JAKARTA - Gojek and Grab ride-hailing services are again reported to be merging or merging the two companies soon. But unfortunately, both of them also agreed to be silent in their response to this issue.
According to a source from Bloomberg, Gojek and Grab are now in the negotiation stage and narrowing their differences of opinion in providing services.
In addition, final details are being worked out among the most senior leaders in each company with the participation of Masayoshi Son of SoftBank Group Corp as the main investor of Grab.
"We can not respond to the rumors circulating in the market," said Nila when contacted by VOI, Thursday, December 3.
The issue of the merger of the two companies was due to losses in several countries which were also experiencing economic recession due to the impact of the COVID-19 pandemic, Nila actually denied it because according to him, Gojek's fundamental business is currently getting stronger despite the pandemic impact. Several Gojek services actually contribute positive margins.

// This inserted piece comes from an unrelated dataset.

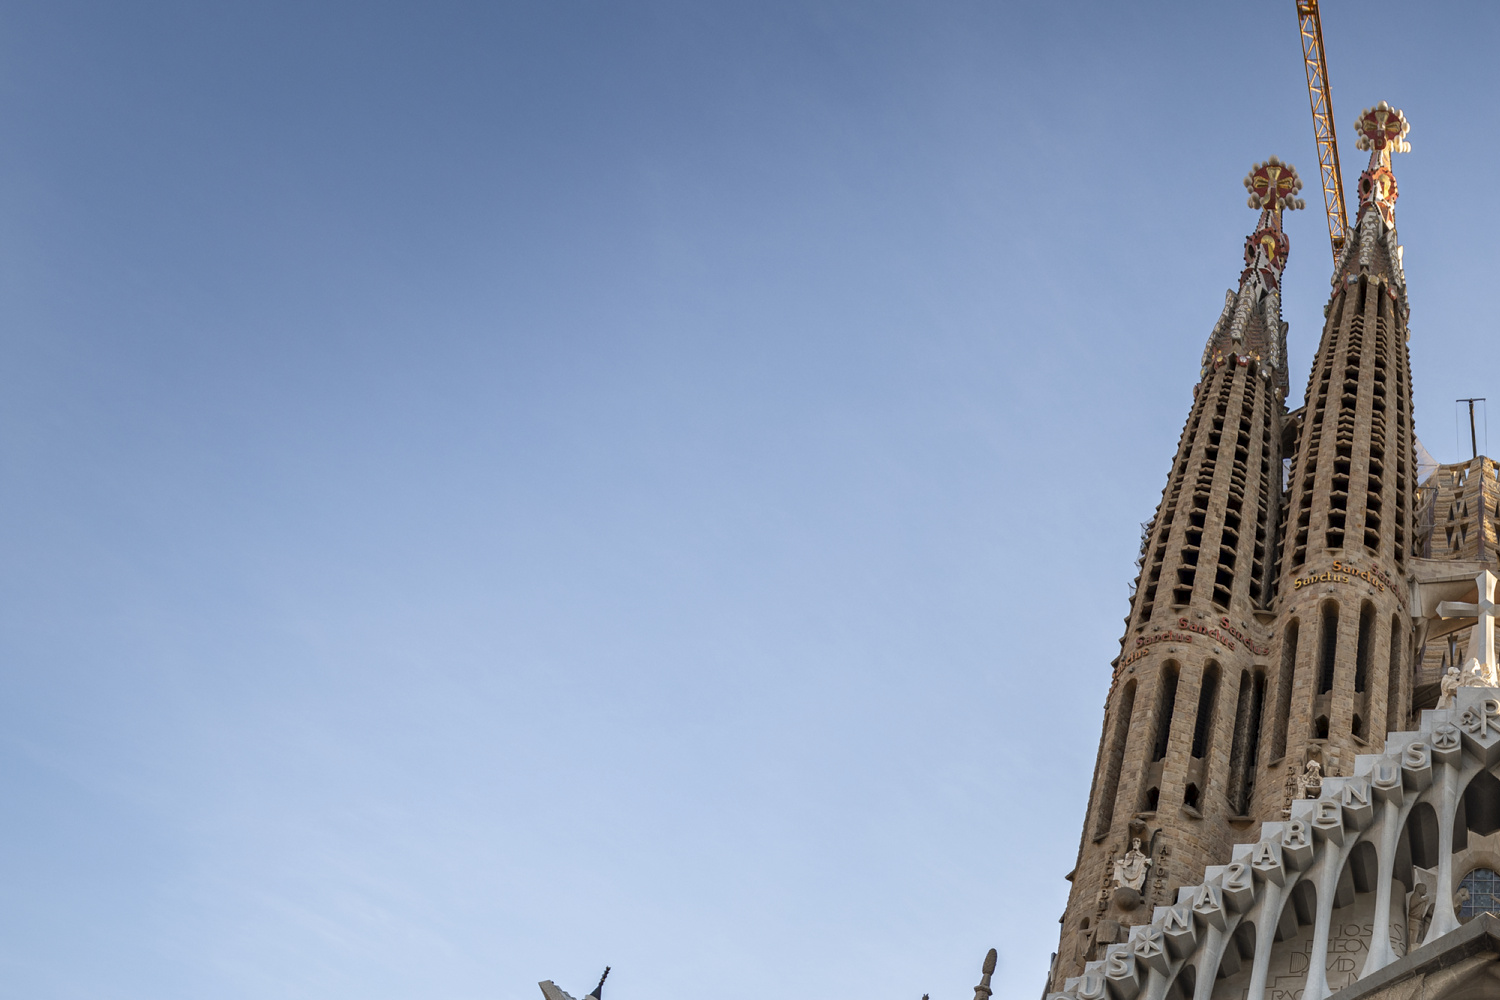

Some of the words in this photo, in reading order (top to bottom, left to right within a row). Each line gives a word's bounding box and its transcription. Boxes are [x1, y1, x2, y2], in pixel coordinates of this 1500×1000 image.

"What we can say is that Gojek's business fundamentals are getting stronger, including during the pandemic. We continue to prioritize sustainable growth to provide the best service to our users and partners in all places where we operate," said Nila.
The same thing was conveyed by Grab, which was also reluctant to comment on the plan to merge the two ride-hailing companies. Communications Senior Manager Grab Indonesia Dewi Nuraini, said she did not want to speculate further on this issue.
"Thank you for the question, but we do not comment on the speculation circulating in the market," said Dewi in her short message.
From reports circulating, if this merger occurs then Grab co-founder Anthony Tan will become the CEO of the joint entity, while Gojek executives will run a new joint business in Indonesia under the Gojek brand.
Several parties also participated in questioning the discussion, which arose when the two companies suffered losses in various countries, as well as in Indonesia, which is where the two companies are competing because of large-scale restrictions due to the COVID-19 pandemic.
This can be seen from the valuation value of both applications which fell substantially in the secondary market, where stocks are traded informally. Singapore-based Grab shares worth $ 14 billion in its last funding round in 2019 have been trading at a 25 percent discount.
Likewise, Gojek shares which are headquartered in Jakarta, which were valued at nearly US $ 10 billion last year, have also been sold at a deep discount.